What is it that needs to die in us to produce new life? 

What attachment do we need to let go of so we can grow closer to the mind of Christ?

            Like the story of the father whose kids are “playing Church” we Catholics sometimes are tempted to do the same thing.  After all, religion is all about our deepest passions and sometimes these passions are breeding grounds for division instead of devotion to Christ. 

Scripture scholars have written about this weekend’s letter from St. Paul, saying, “When God’s light shines into places where darkness (has) allowed evil to flourish undetected, it makes people nervous, then angry, then malicious.” 

Does everybody believe the Gospel when it is preached?

Some who hear it but do not really believe it may “well resort to plotting and violence against those who preach it.”

Isn’t that what the Sadducees are doing in their ridiculously absurd query of Christ about marriage? 

In our Gospel message, we are shown that the attachments we have in this world are not important in the next world.  All of our attachments.  Yes, even our spouse (Apologies to my wife).

The only attachment that matters is to Jesus Christ.

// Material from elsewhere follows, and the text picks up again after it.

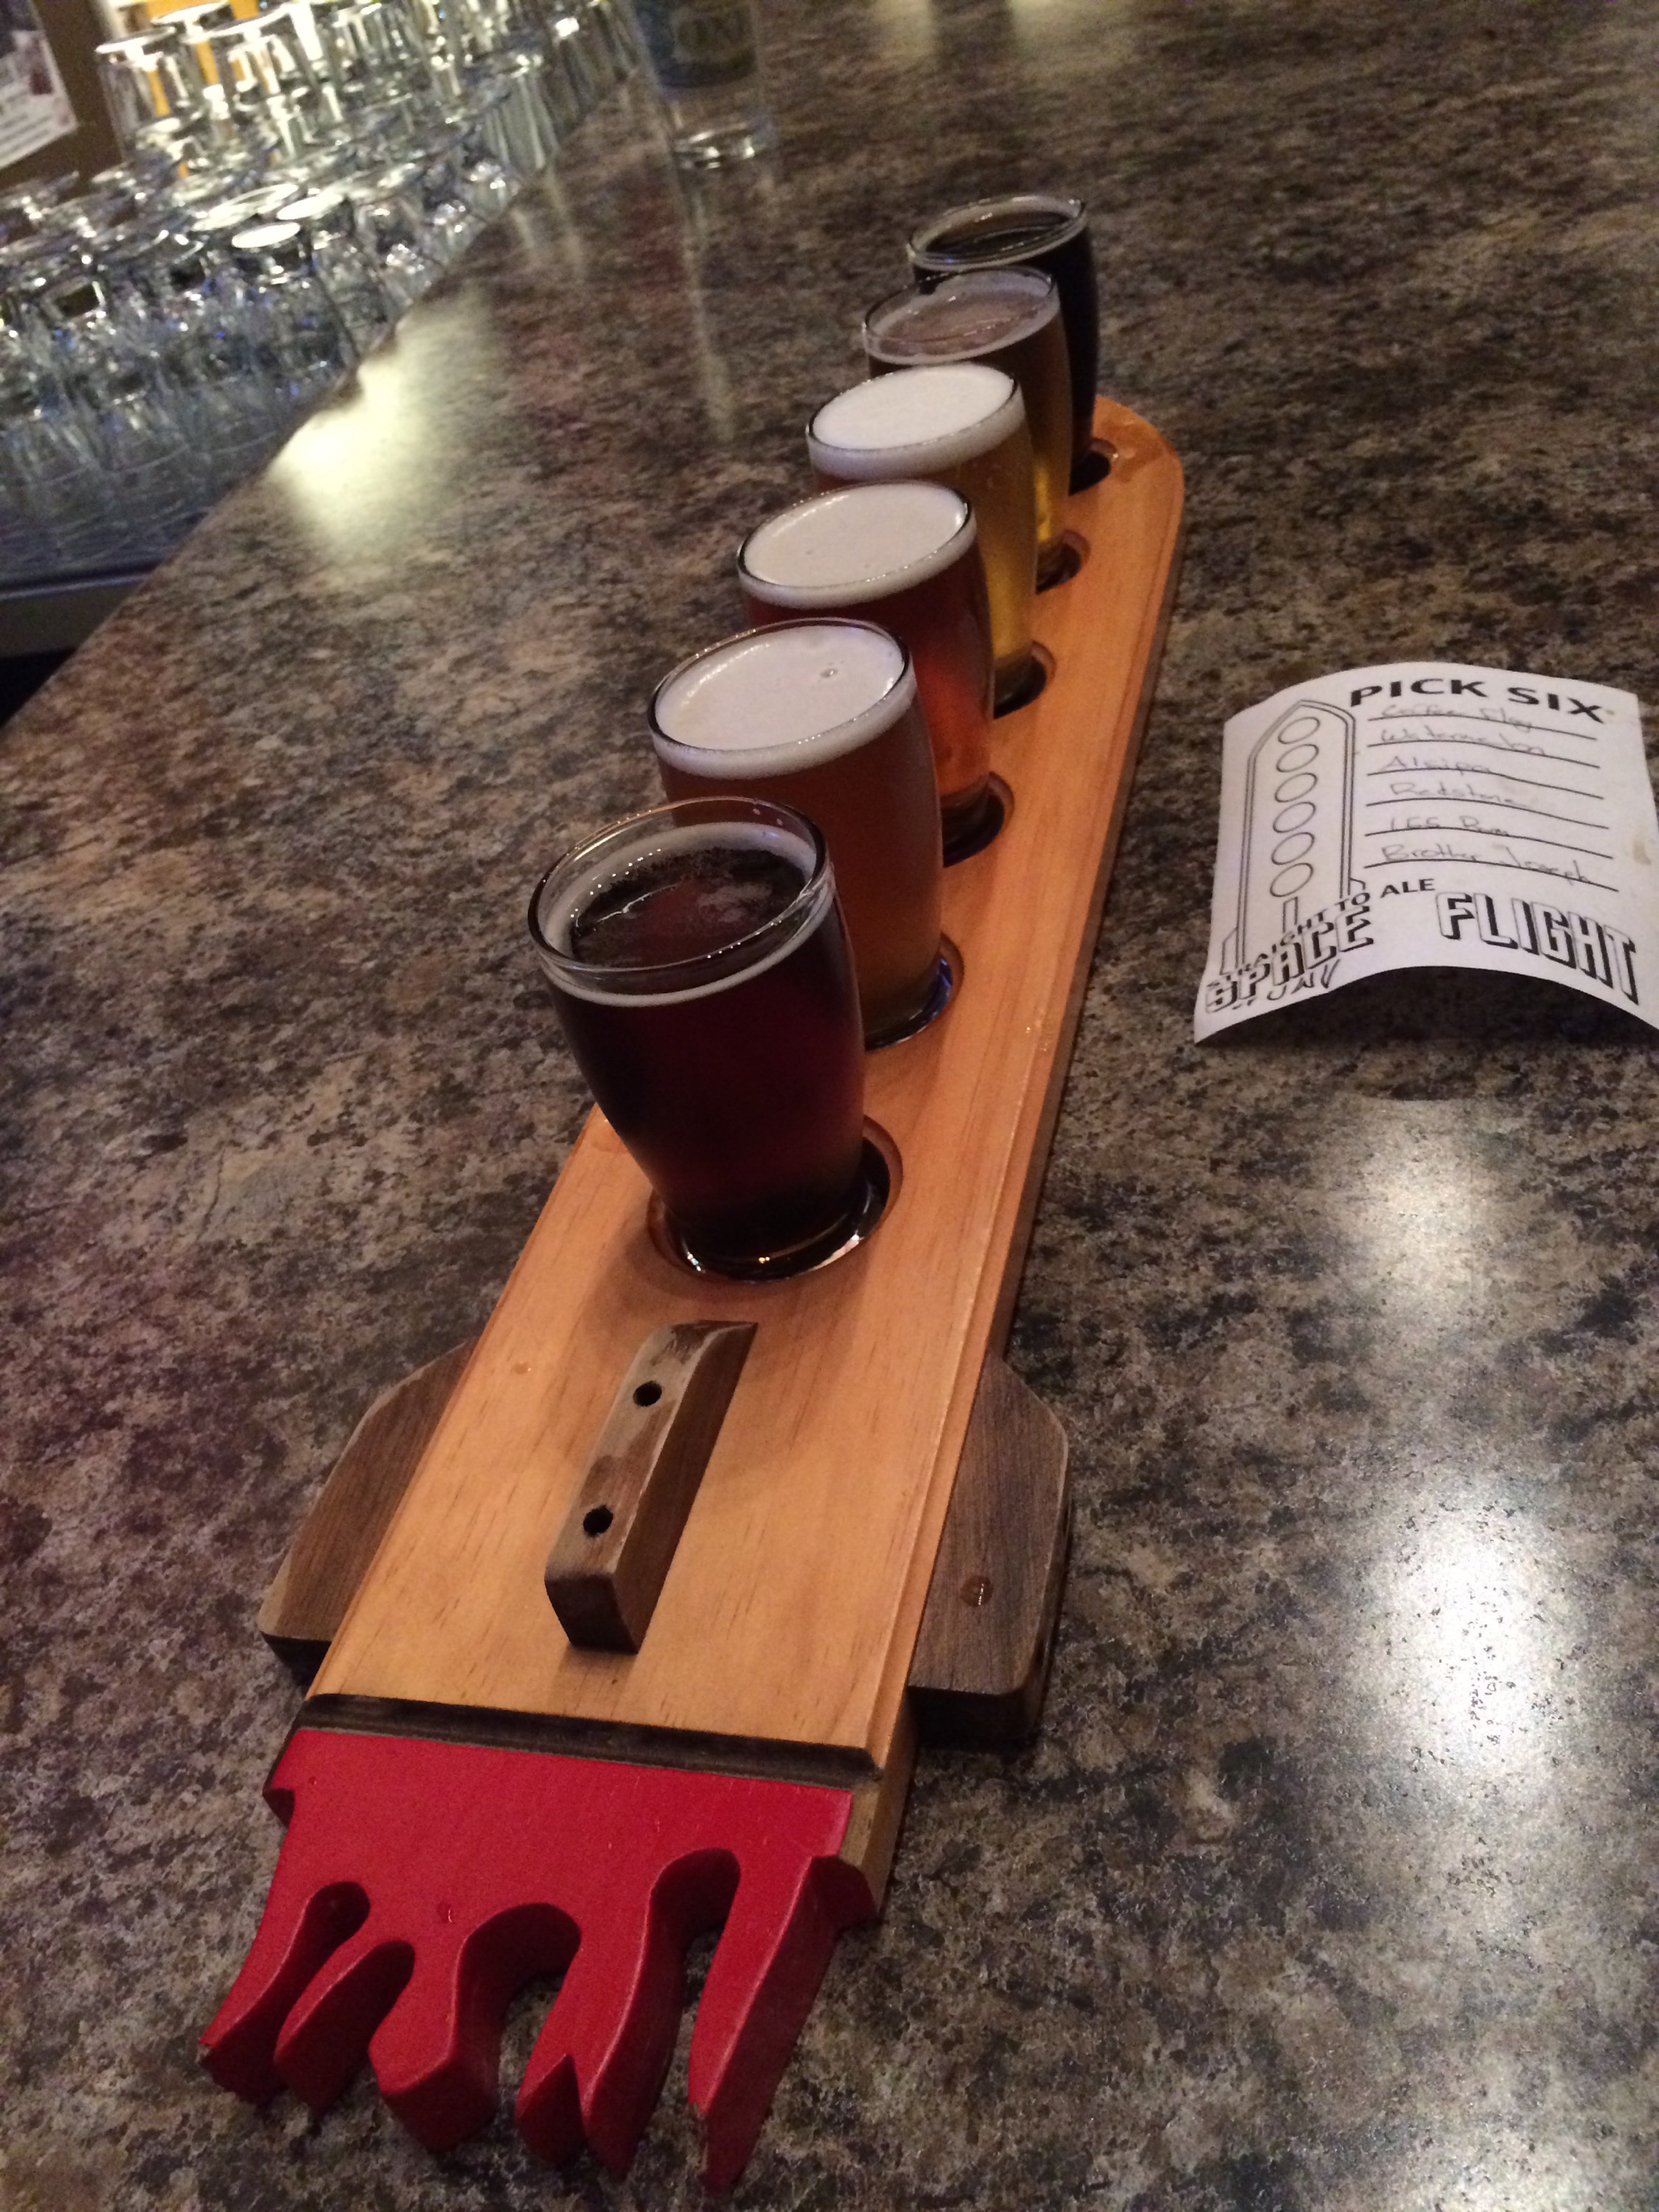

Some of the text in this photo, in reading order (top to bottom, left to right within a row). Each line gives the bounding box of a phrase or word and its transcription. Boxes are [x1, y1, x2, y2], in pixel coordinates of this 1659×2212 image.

Sadducees in Jesus’ world were the conservatives, the traditionalists, who only believed what was in the first five books of the bible (or Pentatuch) and believed that God could only be found in the Temple in Jerusalem.  The Sadducees didn’t believe in resurrection or in angels.  Jesus is having a little fun with them by drawing Moses into the discussion to make his point to men who only followed the Law of Moses.

The Sadducees were unlike their more liberal or progressive Pharisee brothers who followed not just the first five books of the Bible, but other teachings of other prophets.  The Pharisees believed in the resurrection and believed God could be found outside the Temple in Jerusalem, in fact, believing God could be found in the many synagogues around the known world of Jesus’ time.

They loved to bicker about who had the purest faith.    

We Catholics like to “play Church.”  We like to bicker about who has the purest faith beliefs.  We like to bicker in and between our two Churches and focus on our divisions instead of what should unite us.

But instead of focusing internally, shouldn’t we focus EVERYTHING on living the ministry of Jesus Christ for all to see?  Couldn’t we do a better job with the New Evangelization? 

I believe in my heart and soul we can.

How can we do a better job? 

First, it starts with giving up some of our biggest attachments in this world, our wealth.  It starts with tithing at a level that can make a difference in the lives of many more people than we touch presently.

(Introduce Stewardship of Treasure Cards)

All that we have is a gift from God.  Our very life is a gift from God.  Everything we own is a gift from God. 

So, let’s commit to dropping the attachments that divide us.  Let’s share more of what we have with others.  Let’s make the Kingdom of God a deeper reality by asking Christ to help us with our thoughts, our words and our actions in this world.

Because if we don’t allow ourselves to become too focused on what is “ours” in this world, “our” attachments to this world, only then can we truly UNITE and live for the world to come, the resurrected world headed by Jesus Christ.

Are we there yet?  No, we’re not there yet. 

We’re not in heaven, we’re still on the journey to the New Jerusalem, but we can bring the Kingdom of God to life better here in Everett.   

This is Jesus’ message, yesterday, today and tomorrow.  I pray we will hear this message loud and clear and live it out in beautiful new ways, resurrected ways, in the years to come.